With respect to the second annular flow channel 66, a second injection pipe 76 including a second nozzle 77 at the tip is connected to the outlet of the second pump 78, and a discharge port 770 at the tip of the second nozzle 77 is connected to the second annular channel 66. Oriented along two annular channels 66. On the other hand, the inlet of the second pump 78 is connected to the lower bottom portion of the inner cylinder by a pipe 74. The second annular channel 66 is connected so as to return to the slurry tank 28 by a pipe 79 connected to a discharge port provided on the top plate.

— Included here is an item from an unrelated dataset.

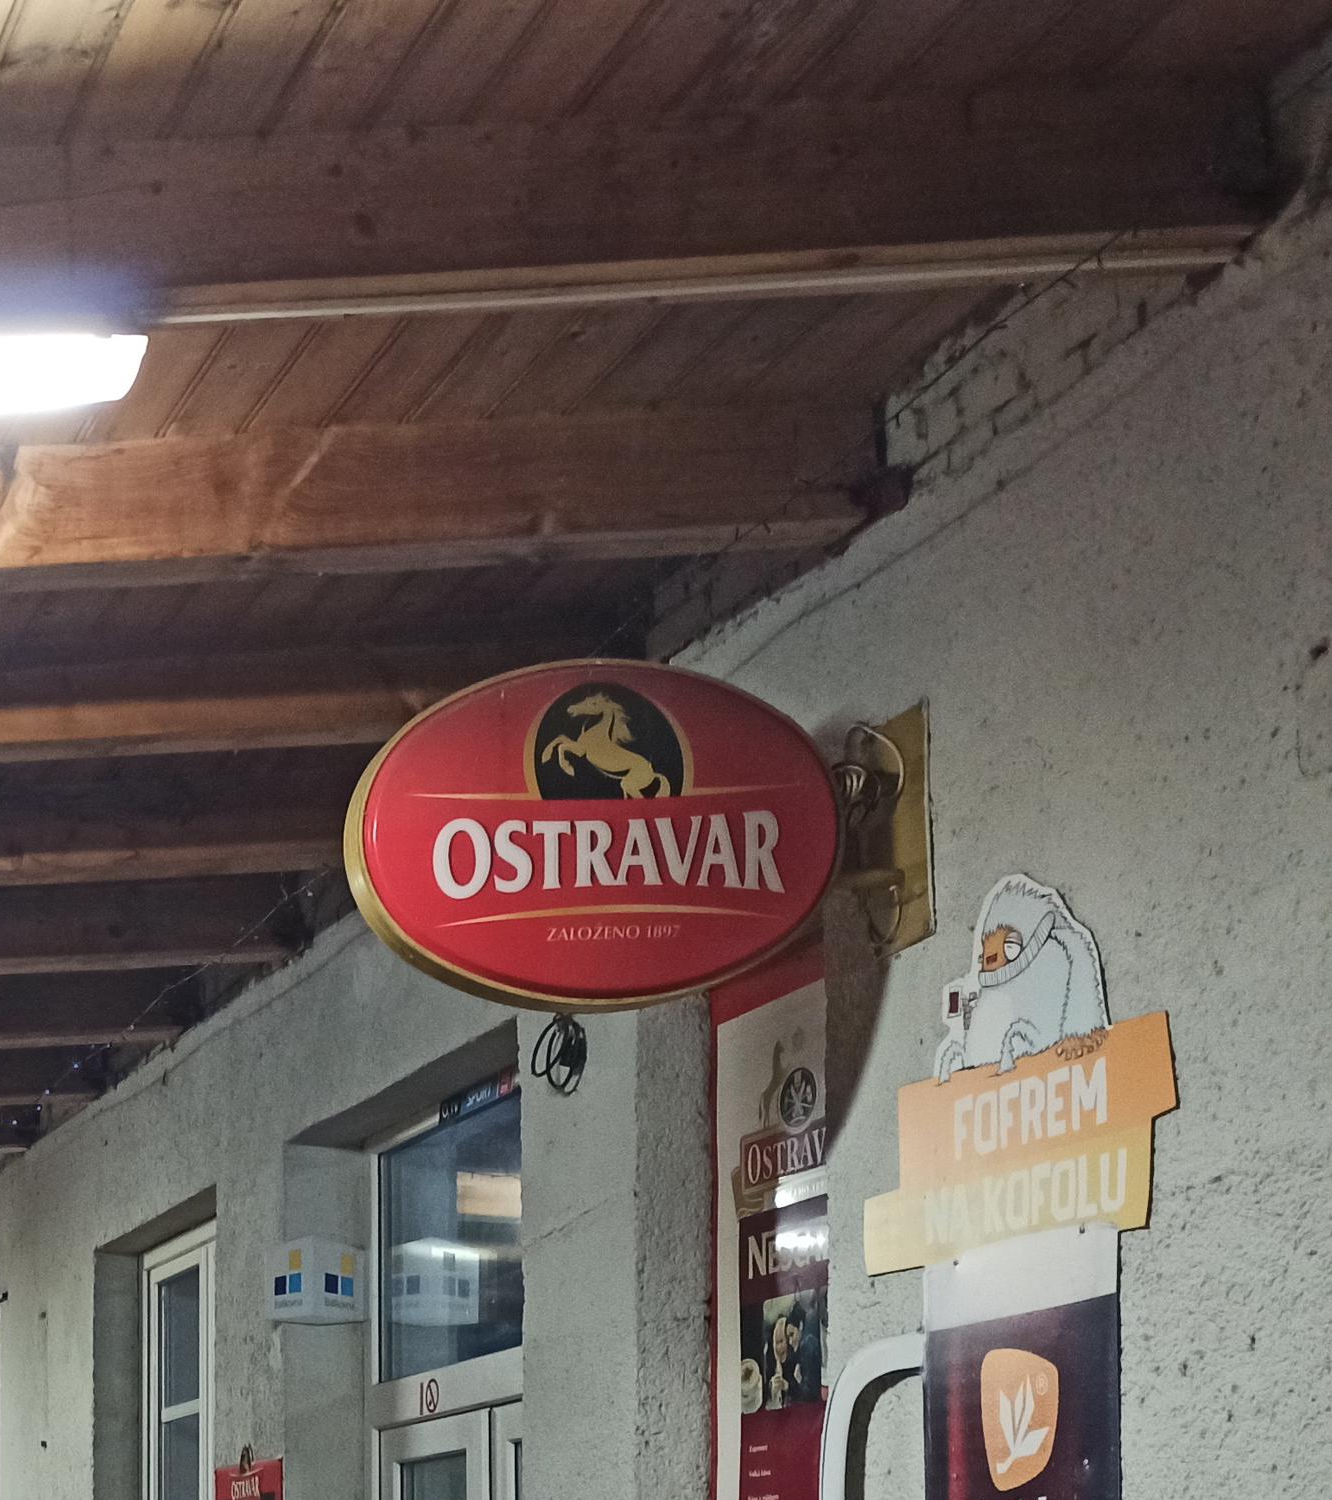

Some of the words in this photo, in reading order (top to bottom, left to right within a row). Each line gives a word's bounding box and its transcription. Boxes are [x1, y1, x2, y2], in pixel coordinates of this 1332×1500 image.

During operation, the first pump 73 sucks the slurry 131 from the slurry tank 28 through the pipe 70, and the slurry is discharged from the discharge port 720 of the nozzle 72 to the first annular flow path 64. A high-speed water stream of slurry circulates in the annular flow path 64 between the intermediate cylinder 62 and the intermediate cylinder 62. The organic particles are further atomized by the impact force, shear force or cavitation in the circulating water stream. A part of the circulating water flow overflows from the upper end of the inner cylinder to the inside, and the slurry is sucked by the second pump 78 through the pipe 74 from the lower bottom thereof, and is discharged through the nozzle 77 of the second injection pipe 76. 770 is discharged into the second annular channel 66, and a high-speed water flow is formed in the second annular channel 66. In the second annular flow channel 66, the organic particles are further atomized and returned to the slurry tank 28 through the pipe 79.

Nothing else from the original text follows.